Earlier this month, CNBC interviewed a 30-year-old digital nomad about her experience living and working in Hungary as an expat. Denae McGaha graduated college in 2016 and after fruitlessly searching for a job in her field decided to look up teaching jobs in Budapest at the suggestion of a friend.

“I felt like such an imposter,” McGaha recalls her experience after leaving college. “Everyone I knew was applying to grad school or landing job offers in big cities, and I was just tired and lost …. I had no idea what to do with myself, but I knew I wanted to keep travelling.”

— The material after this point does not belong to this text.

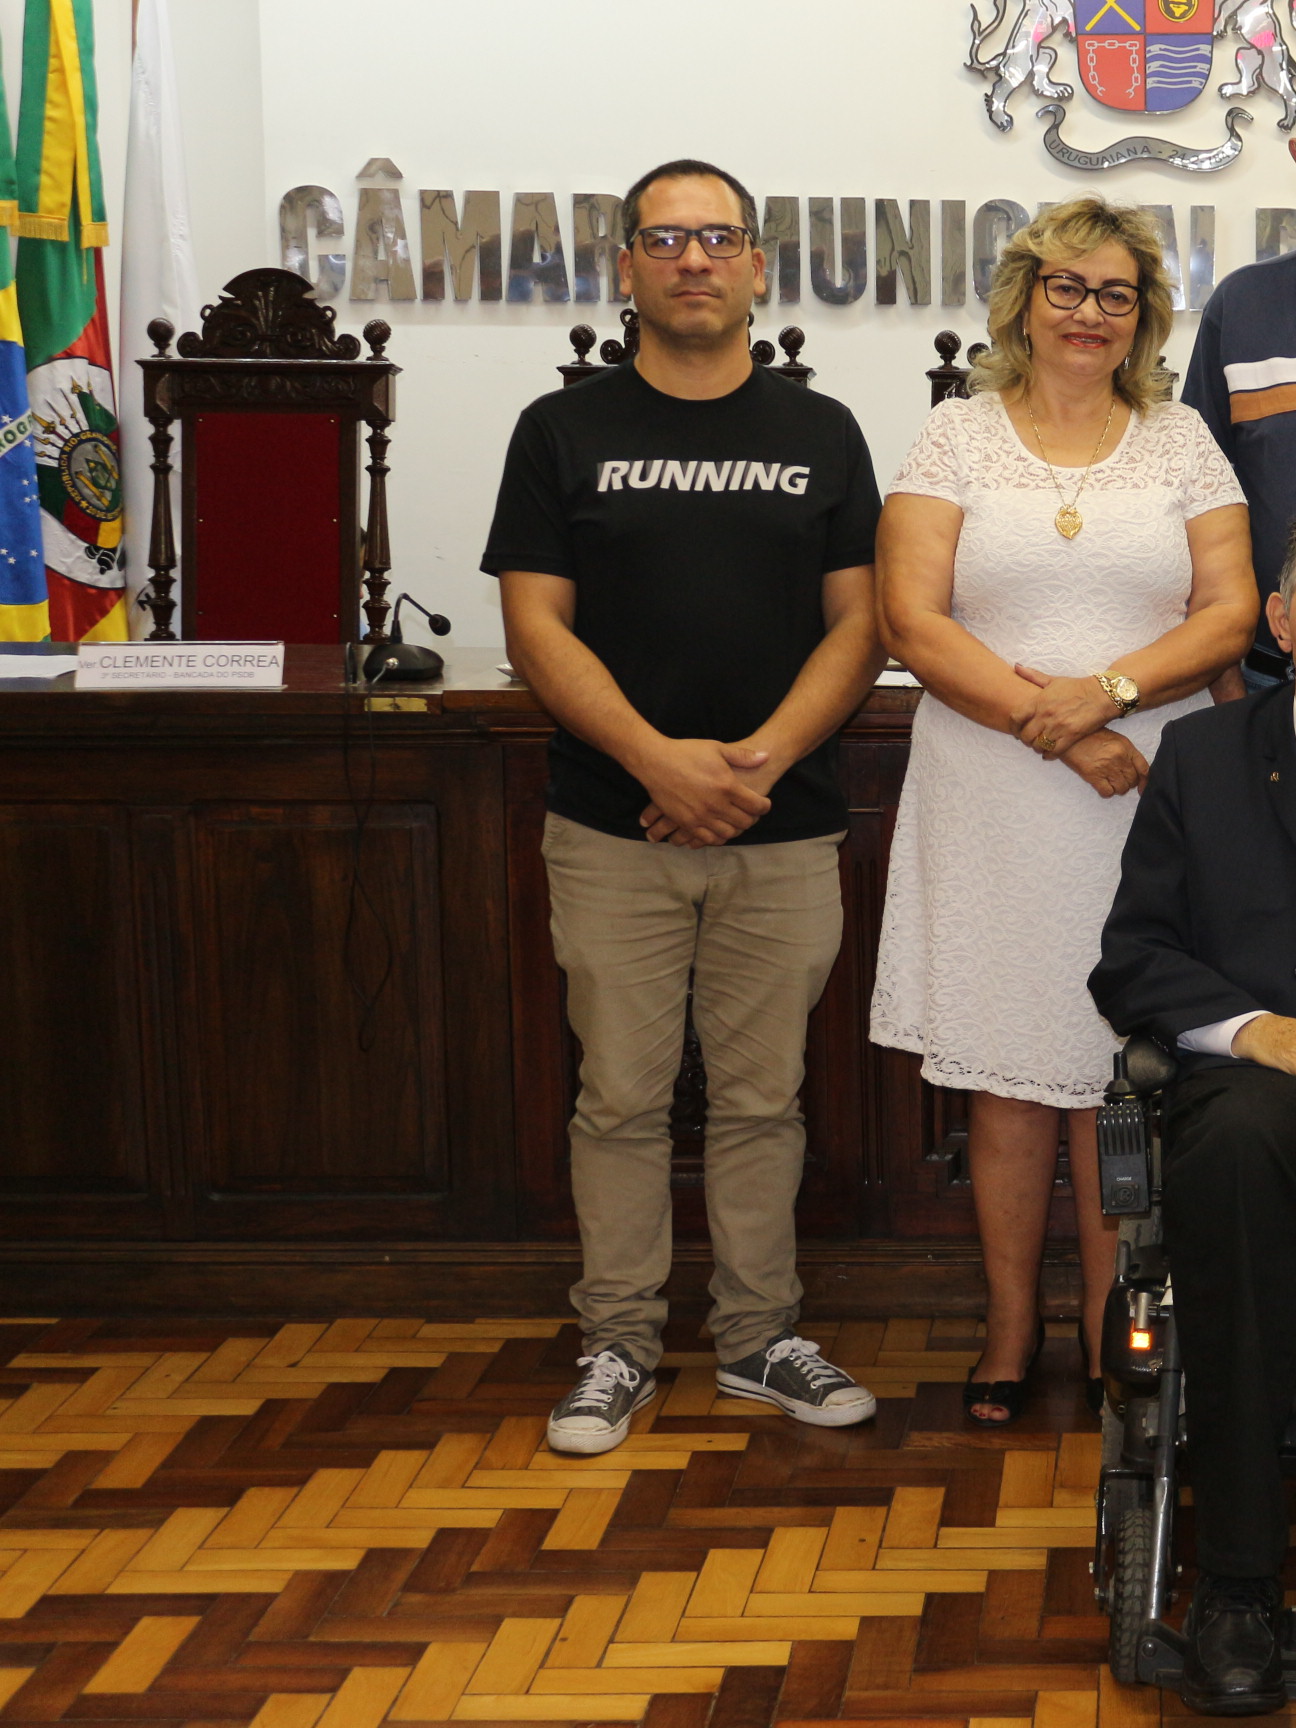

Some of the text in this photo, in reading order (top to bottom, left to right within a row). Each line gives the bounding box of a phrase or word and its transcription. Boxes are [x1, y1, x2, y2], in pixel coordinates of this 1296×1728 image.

Within weeks of applying for a job as an English teacher to kindergarteners in Hungary, she was accepted, and in August 2017, she made the move to Hungary. It is now seven years later, and she is still here, but now working in a completely different field.

After losing her job during COVID-19, she re-vamped her previous blog so successfully that businesses started to approach her to help redesign their own blogs and social media. In 2021, she was hired as a remote digital marketing strategist by an agency in Philadelphia. With her US salary, McGaha was able to reduce her working hours to 20 per week at the company, still earning “more than enough” to cover her monthly expenses.

“I’m grateful that living here has given me so many more options for how to spend and save,” she says. “If I lived in Seattle on my current salary, for example, I wouldn’t be able to enjoy the financial freedom I have now or the peace of mind.”

Who are digital nomads?

McGaha says she dreams of being a digital nomad: “I value having the freedom and flexibility that comes with working remotely, including the ability to weave in more travel into my schedule,” she says. “Some Fridays, I’ll hop on a train to the Hungarian countryside for a long weekend and work from there.”

But what is a digital nomad exactly? According to the Harvard Business Review, digital nomadism is “a lifestyle where one leverages remote work to travel and live in varying, often affordable locations around the world,” that “offers an alternative path away from expensive, long-term mortgages and a raft of possessions and instead opens the door for people to maximise their income by living in countries with lower costs of living.”